▶ _Supplied data_
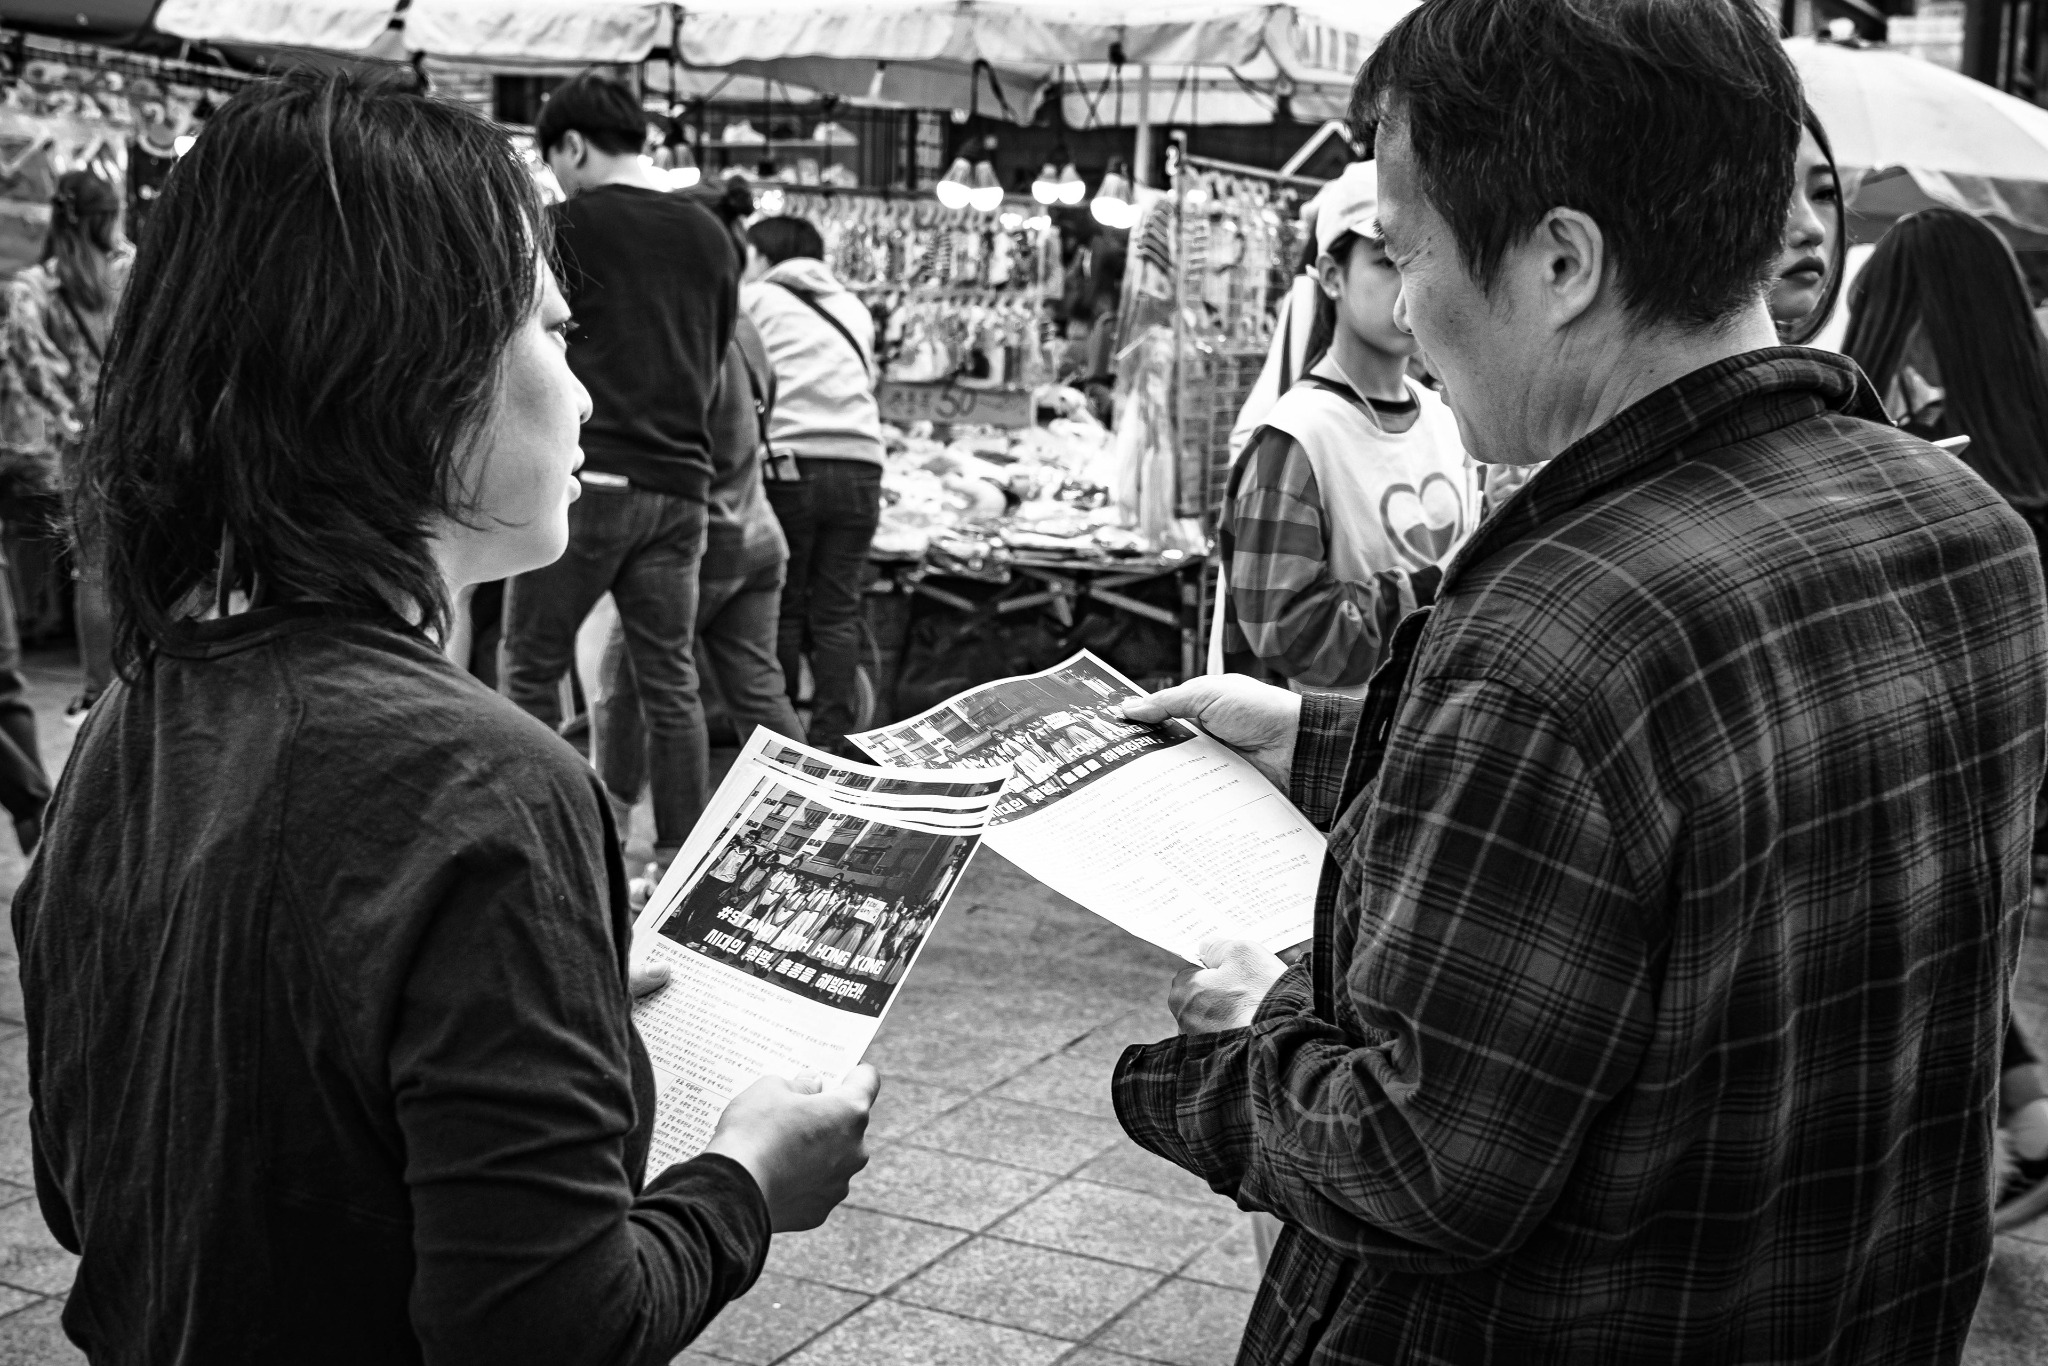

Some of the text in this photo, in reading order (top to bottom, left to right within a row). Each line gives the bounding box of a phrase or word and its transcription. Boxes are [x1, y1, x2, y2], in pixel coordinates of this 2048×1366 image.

[703, 928, 747, 955] 시대의
[741, 945, 772, 969] 혁명,
[774, 958, 817, 984] 홍콩을
[814, 972, 868, 1001] 해방하라!
[716, 906, 778, 943] #STAND
[811, 943, 852, 967] HONG
[849, 954, 886, 975] KONG
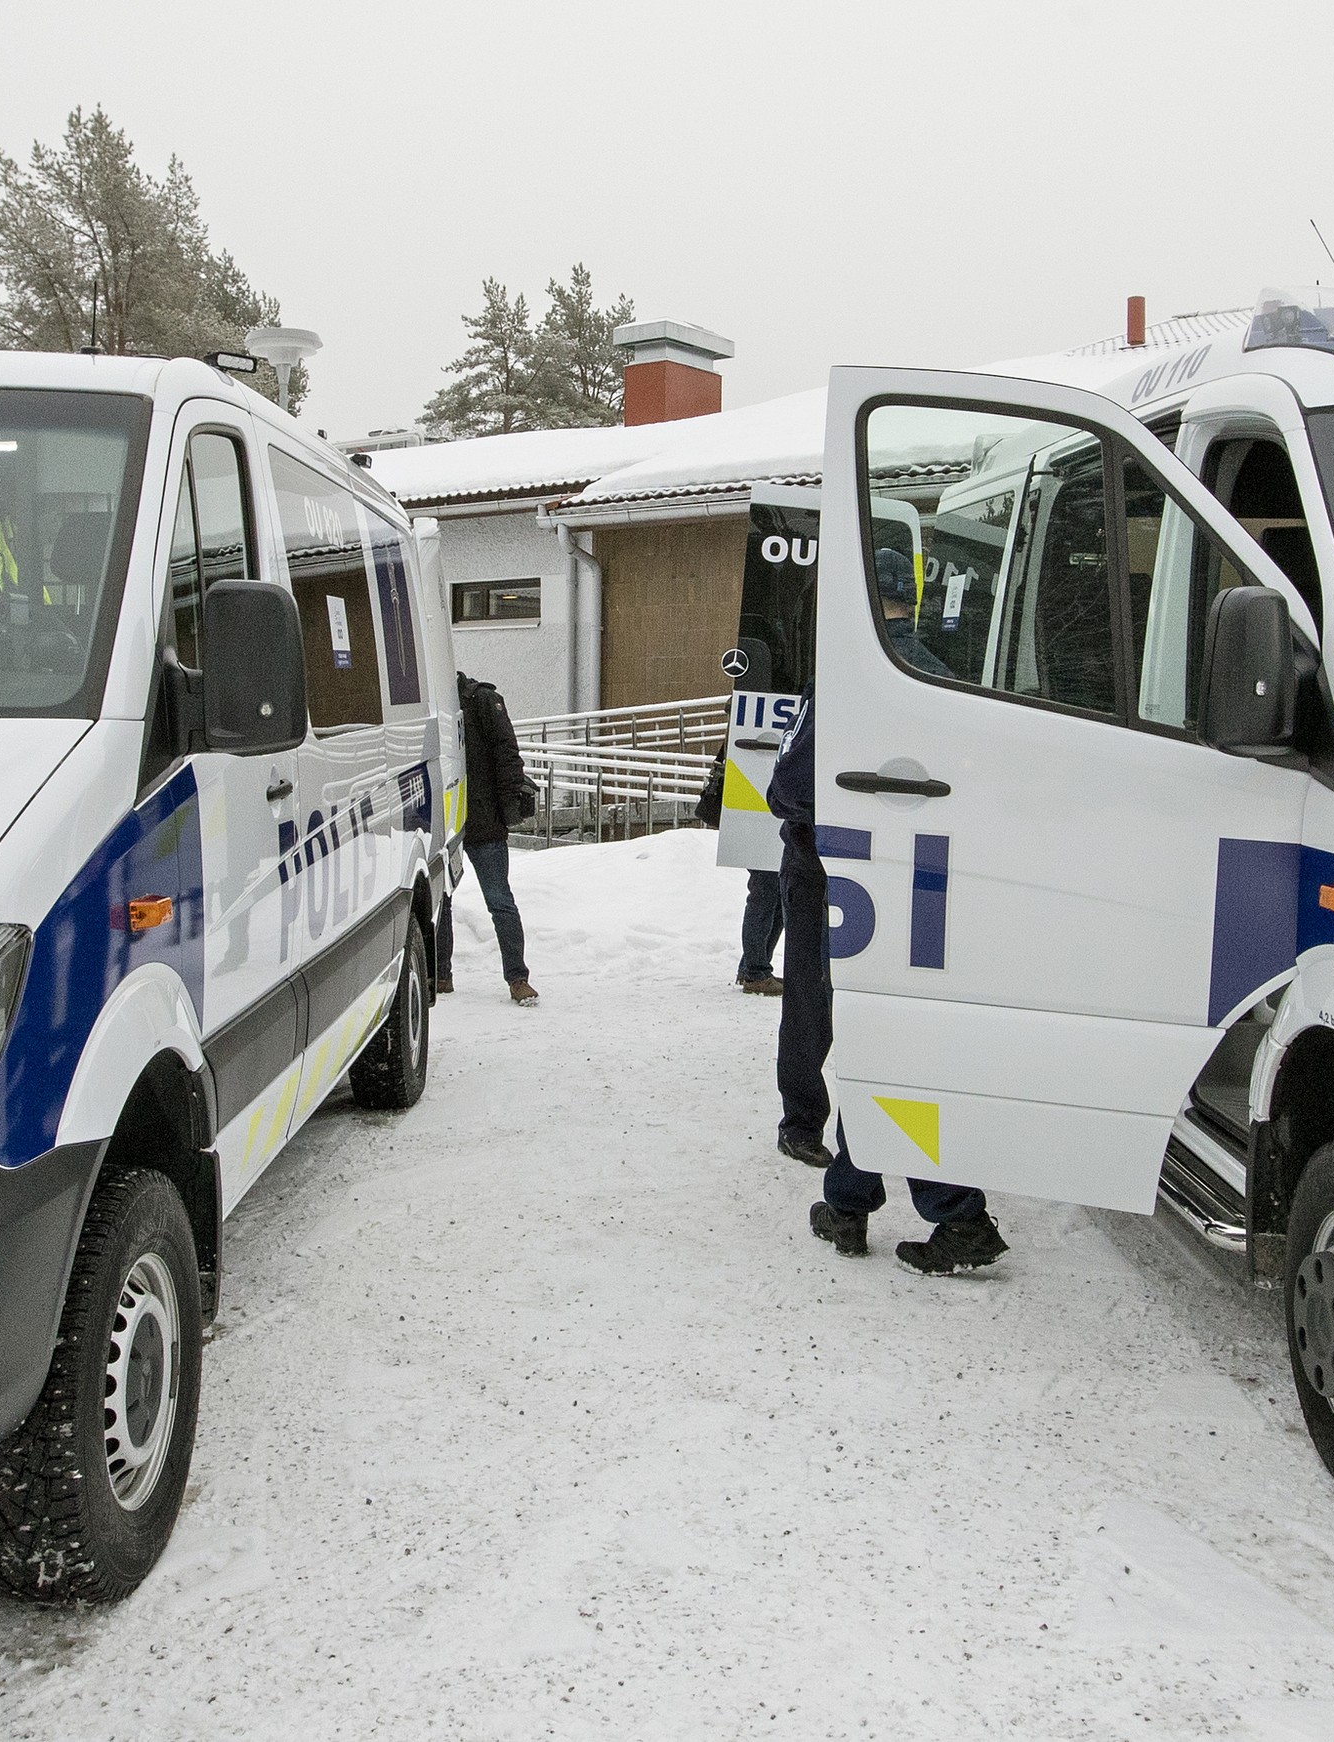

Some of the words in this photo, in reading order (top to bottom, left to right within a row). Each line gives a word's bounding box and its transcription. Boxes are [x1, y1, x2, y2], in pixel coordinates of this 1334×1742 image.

[1131, 361, 1169, 403] OU
[1165, 344, 1213, 389] 110
[304, 496, 324, 541] OU
[761, 535, 818, 566] OU

▶ _Task item_
Only the text of the records above, copied exactly, should be returned; the pictures stay out.

▶ _Result for this task_
Some of the text in this photo, in reading order (top to bottom, left to right within a row). Each line gives the bounding box of a phrase or word and its transcription. Boxes are [x1, y1, x2, y2], in pixel coordinates of this 2048×1366 image.

[703, 928, 747, 955] 시대의
[741, 945, 772, 969] 혁명,
[774, 958, 817, 984] 홍콩을
[814, 972, 868, 1001] 해방하라!
[716, 906, 778, 943] #STAND
[811, 943, 852, 967] HONG
[849, 954, 886, 975] KONG

Some of the words in this photo, in reading order (top to bottom, left to right within a row). Each line gives a word's bounding box and its transcription. Boxes are [x1, y1, x2, y2], in pixel coordinates of this 1334×1742 image.

[1131, 361, 1169, 403] OU
[1165, 344, 1213, 389] 110
[304, 496, 324, 541] OU
[761, 535, 818, 566] OU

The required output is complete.